New Procedures and Functions

    StencilClearTagEXT(sizei stencilTagBits, 
                       uint stencilClearTag)

New Tokens

    Accepted by the <pname> parameter of GetBooleanv, GetIntegerv,
    GetFloatv, and GetDoublev:

        STENCIL_TAG_BITS_EXT                0x88F2
        STENCIL_CLEAR_TAG_VALUE_EXT         0x88F3

Additions to Chapter 2 of the GL Specification (OpenGL Operation)

    None

Additions to Chapter 3 of the GL Specification (Rasterization)

    None

Additions to Chapter 4 of the GL Specification (Per-Fragment Operations
and the Framebuffer)

    Section 4.1.5 "Stencil Test" (page 174), add after the 1st paragraph:

    "The command

       void StencilClearTagEXT(sizei stencilTagBits,
                               uint stencilClearTag);

    controls the stencil clear tag state.  stencilTagBits is a count of
    the number of most-significant stencil buffer bits involved in the
    stencil clear tag update.  The error INVALID_VALUE is generated if
    stencilTagBits is negative or greater or equal to s."

    Add after the 2nd sentence in the 2nd paragraph:

    "The effective reference value used for the stencil comparison is
    ref ANDed with 2^(s-min(n,s))-1, where n is equal to stencilTagBits."

    Addd after the 2nd paragraph:

    "The stored stencil value used for the stencil comparison and
    subsequent stencil operations is obtained by reading the pixel's
    corresponding stencil value from the stencil buffer and possibly
    modifying that value based on the stencil clear tag state.

    The stored stencil value is modified prior to the stencil comparison
    if n (again where n is equal to stencilTagBits) is greater than zero;
    otherwise if zero, the stored stencil value remains unmodified.
    If n is greater than zero and the n most-significant bits of
    the stored stencil value all match the corresponding bits of
    the stencilClearTag, then the stored stencil value is ANDed with
    2^(s-min(n,s))-1. If n is greater than zero and the n most-significant
    bits of the stored stencil value do NOT match all the corresponding
    bits of the stencilClearTag, then the stored stencil value becomes
    stencilClearTag ANDed with 2^(s-min(n,s))-1. "
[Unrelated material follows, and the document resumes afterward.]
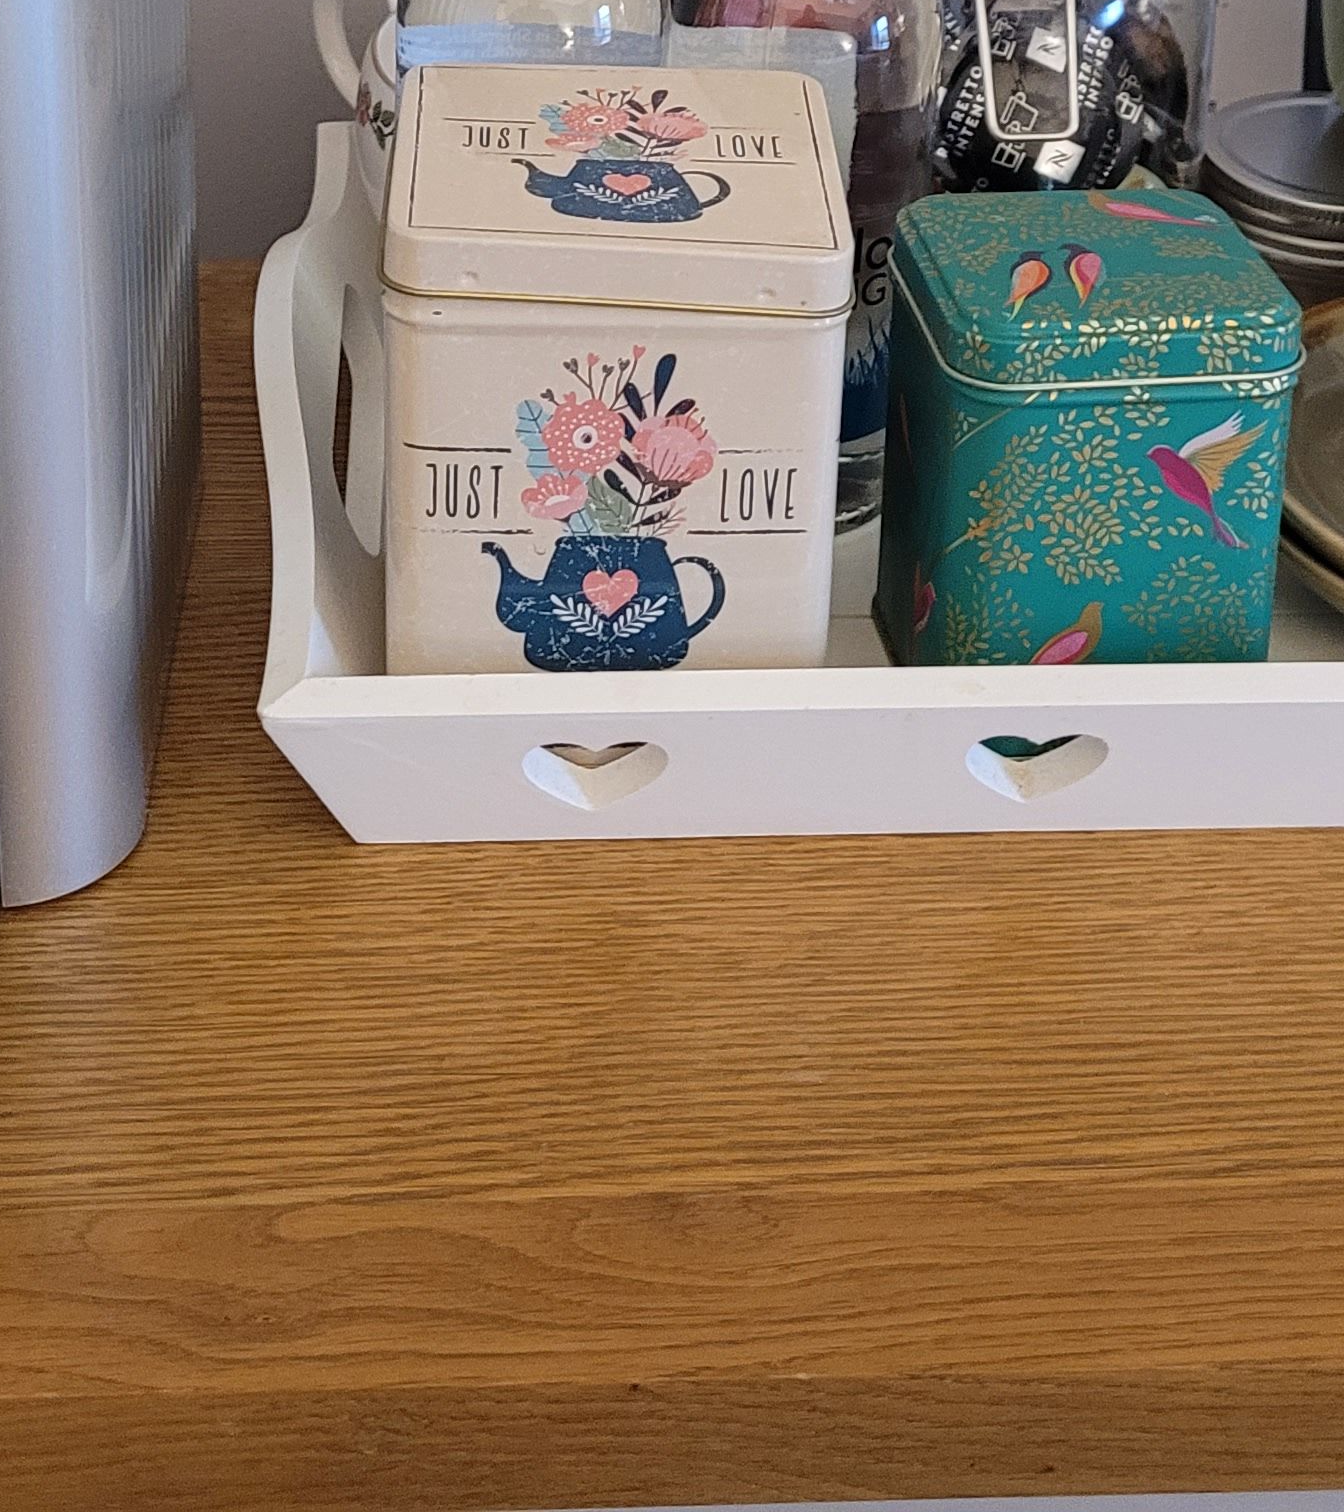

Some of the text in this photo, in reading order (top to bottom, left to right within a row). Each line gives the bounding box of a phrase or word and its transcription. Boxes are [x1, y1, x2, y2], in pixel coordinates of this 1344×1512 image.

[462, 125, 784, 160] JUST LOVE
[425, 463, 799, 523] JUST LOVE
    Change the KEEP operation description in the 4th sentence to indicate
    that KEEP does not perform the stencil clear tag write merge:

    "keeping the current value without writing the stencil buffer,"

    Change the second sentence of the fourth paragraph to read:

    "Incrementing or decrementing with saturation clamps the stencil
    value at 0 and 2^(s-min(n,s))-1 so when stencilTagBits is zero the
    maximum saturation value is the maximum representable stencil value."
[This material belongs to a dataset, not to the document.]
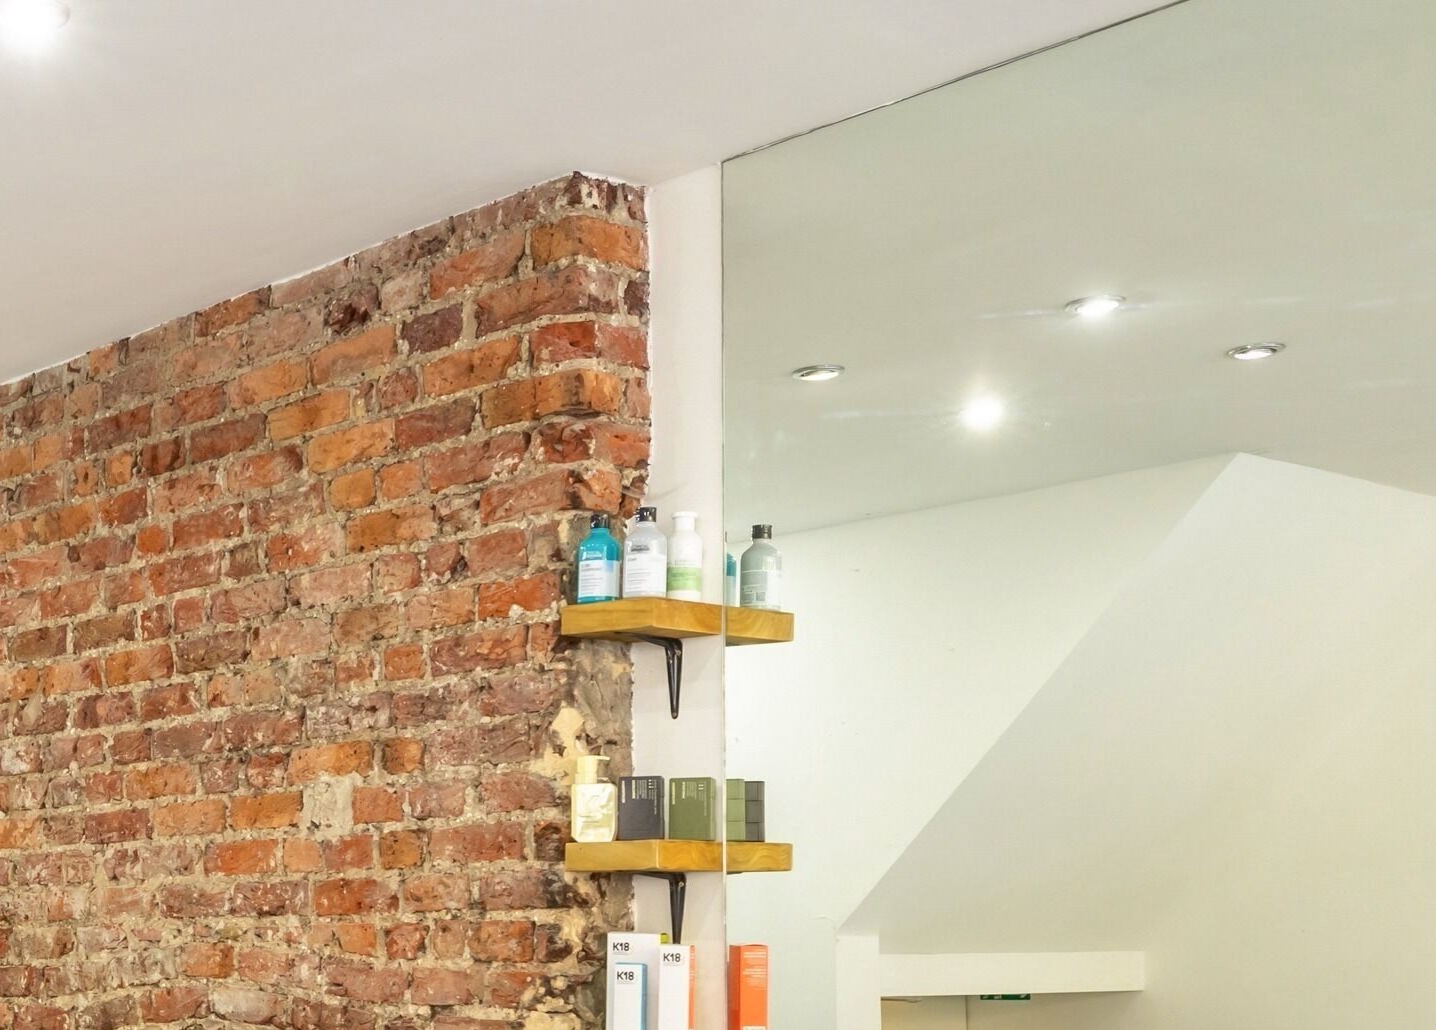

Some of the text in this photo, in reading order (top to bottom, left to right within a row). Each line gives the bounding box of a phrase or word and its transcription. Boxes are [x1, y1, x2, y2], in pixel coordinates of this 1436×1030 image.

    Section 4.2.5 "Fine Control of Buffer Updates" (page 185), prior to
    the paragraph describing the StencilMask command, add:

    "Writes to the stencil buffer are controlled through a combination
    of stencil mask and stencil clear tag state."

    Then add after the paragraph describing the StencilMask command:

    "If the stencil mask ANDed with s^2(s-min(n,s))-1 is zero, no write
    occurs.  Otherwise, the pixel's stencil value is written with the
    value determined by the following C-style bit-wise expression:

       ( stencilClearTag & ~tagMask         ) |
       ( newValue        &  mask &  tagMask ) |
       ( storedValue     & ~mask &  tagMask )

    where tagMask is 2^(s-min(n,s))-1, n is the value of the
    stencil tag bits state, newValue is the stencil value to
    be written (after the stored value's potential modification due to
    stencil clear tag state AND after the effect of applying a stencil
    operation to the value), and storedValue is the pixel's stored
    stencil value after to its potential modification due to stencil
    clear tag state BUT BEFORE to any stencil operation that may have
    been performed (as discussed in section 4.1.5).  When n is zero,
    this is equivalent to

       ( newValue    &  mask ) |
       ( storedValue & ~mask )

    "

    Section 4.2.3 "Clearing the Buffers", change the ClearStencil sentence
    to read:

    "Similarly,

        void ClearStencil(int s);

    takes a single integer argument that is the value to which to clear
    the stencil buffer.  s is masked to the number of bitplanes in the
    stencil buffer.  Clearing stencil ignores the stencil clear tag
    state."

    Section 4.3.1 "Writing to the Stencil Buffer", change the last
    sentence to say:

    "Finally, each stencil index is written to its indicated location
    in the framebuffer, subject to the current setting of StencilMask
    and StencilClearTagEXT (see section 4.2.5).  This means the
    most-significant n stencil bitplanes cannot be written by DrawPixels
    where n is the current number of stencil tag bits."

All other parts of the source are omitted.